**EXERCISE DIRECTIONS**
Begin at the line below that holds "this 1920×1080 image." and end at the line that holds "this 2048×1365 image.", transcribing each line exactly and skipping any picture.

Collected data
☆ ☆ ☆ ☆ ☆ ☆ ☆
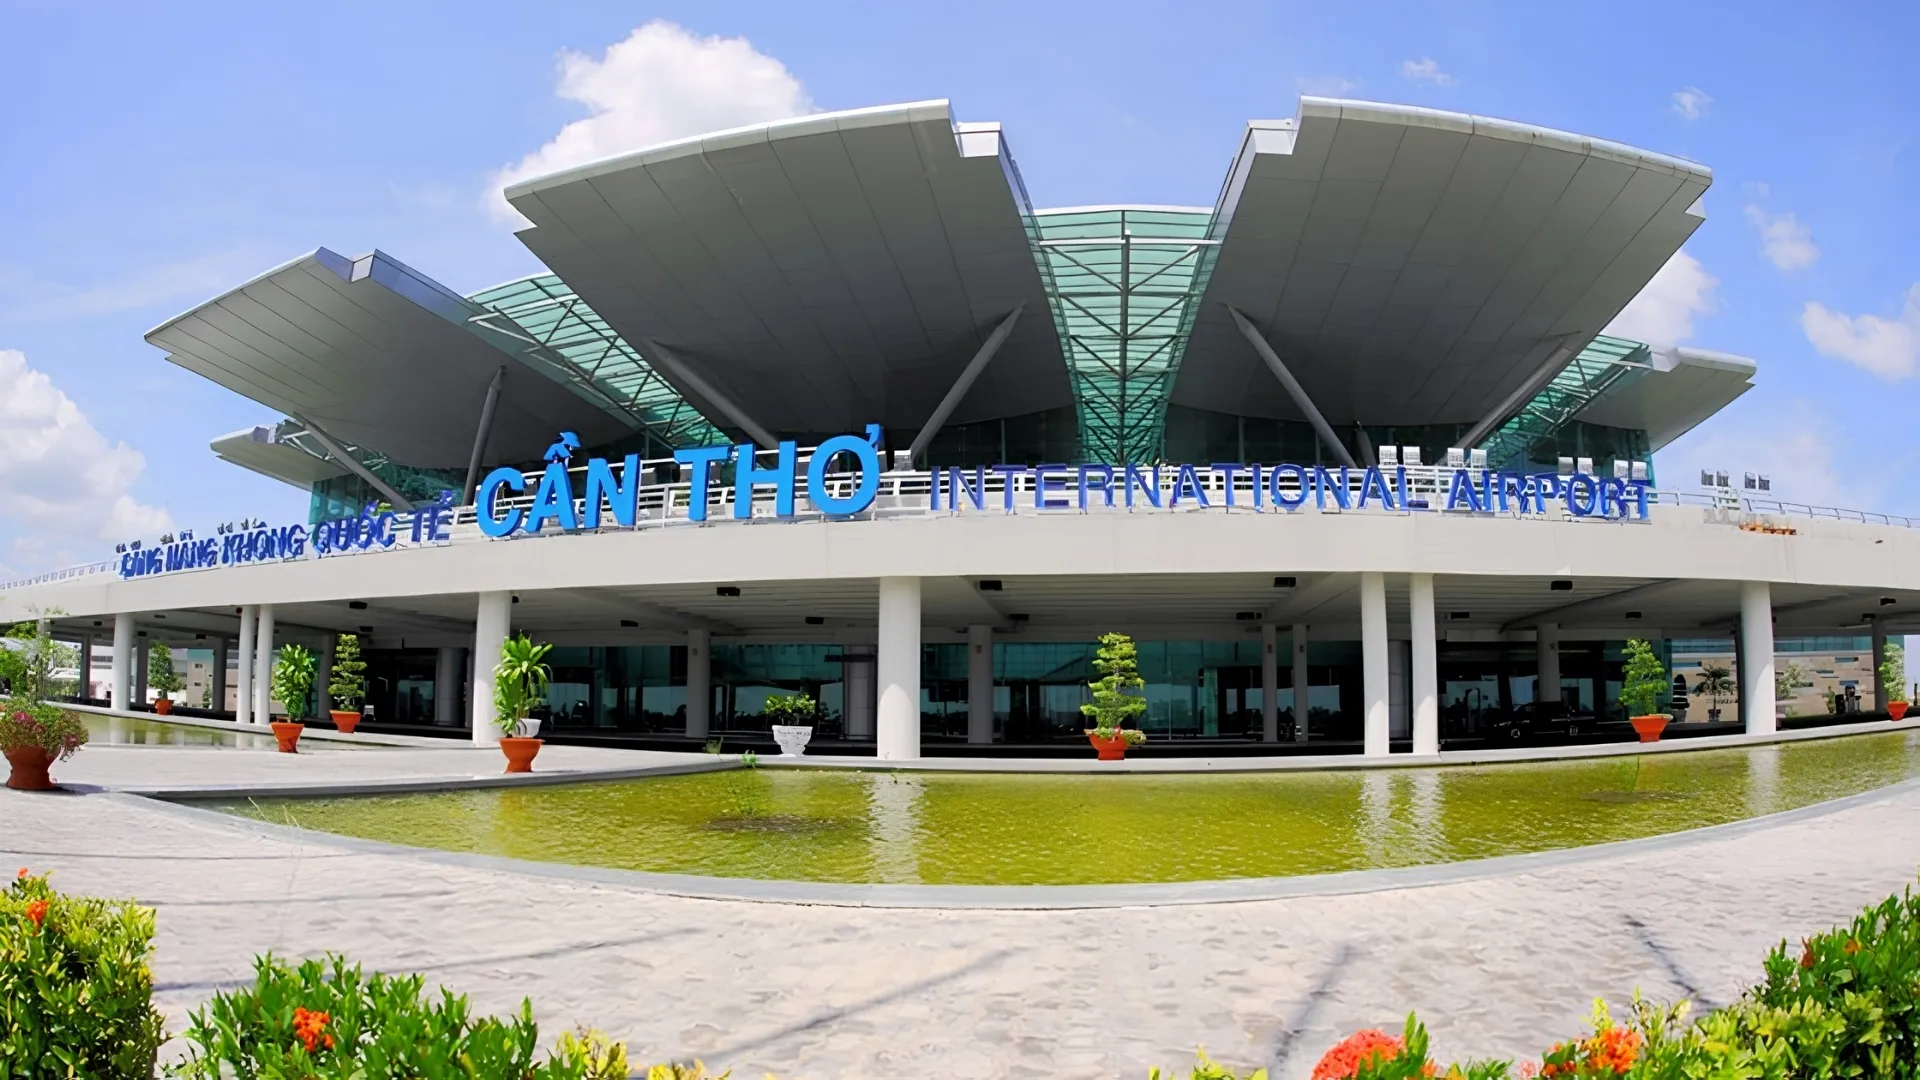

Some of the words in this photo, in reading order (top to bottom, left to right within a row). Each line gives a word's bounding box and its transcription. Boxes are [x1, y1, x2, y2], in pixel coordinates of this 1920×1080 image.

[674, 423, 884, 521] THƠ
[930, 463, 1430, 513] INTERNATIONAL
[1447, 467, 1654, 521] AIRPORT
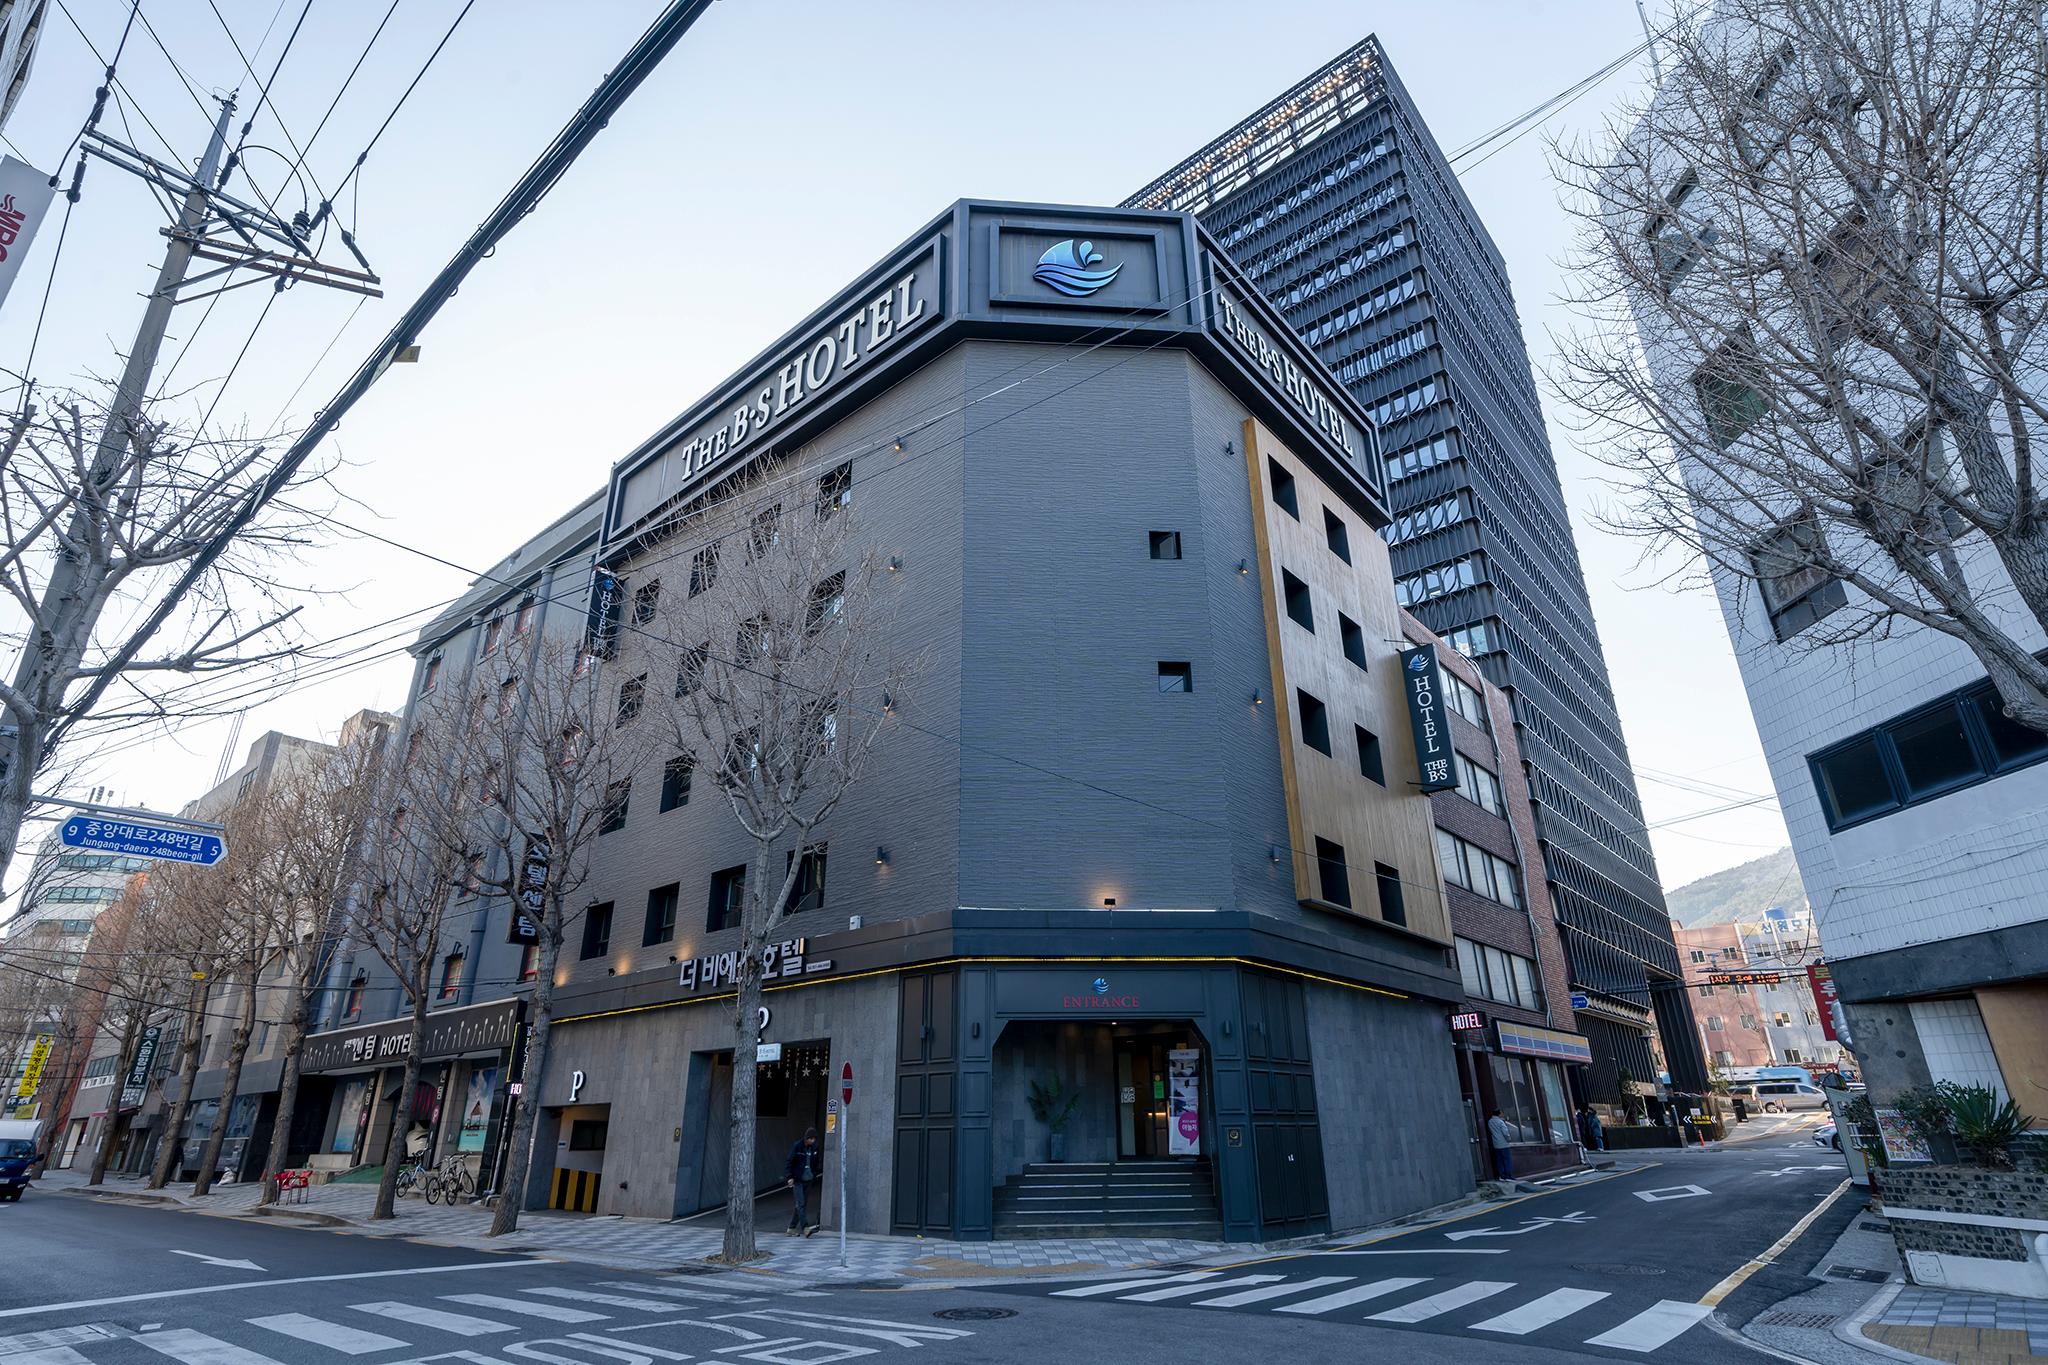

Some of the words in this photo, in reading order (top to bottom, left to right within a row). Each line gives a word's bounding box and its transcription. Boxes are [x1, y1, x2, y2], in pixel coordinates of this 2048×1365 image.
☆ ☆ ☆ ☆ ☆ ☆ ☆
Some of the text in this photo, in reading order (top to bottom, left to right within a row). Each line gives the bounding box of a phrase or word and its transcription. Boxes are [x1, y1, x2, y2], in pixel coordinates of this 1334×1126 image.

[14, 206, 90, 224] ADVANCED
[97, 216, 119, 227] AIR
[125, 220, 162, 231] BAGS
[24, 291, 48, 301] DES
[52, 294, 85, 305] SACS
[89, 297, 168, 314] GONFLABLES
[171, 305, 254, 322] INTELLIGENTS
☆ ☆ ☆ ☆ ☆ ☆ ☆
**EXERCISE ANSWER**
Some of the words in this photo, in reading order (top to bottom, left to right within a row). Each line gives a word's bounding box and its transcription. Boxes are [x1, y1, x2, y2], in pixel coordinates of this 1920×1080 image.

[674, 423, 884, 521] THƠ
[930, 463, 1430, 513] INTERNATIONAL
[1447, 467, 1654, 521] AIRPORT

Some of the words in this photo, in reading order (top to bottom, left to right within a row). Each line gives a word's bounding box and its transcription. Boxes are [x1, y1, x2, y2], in pixel coordinates of this 2048×1365 image.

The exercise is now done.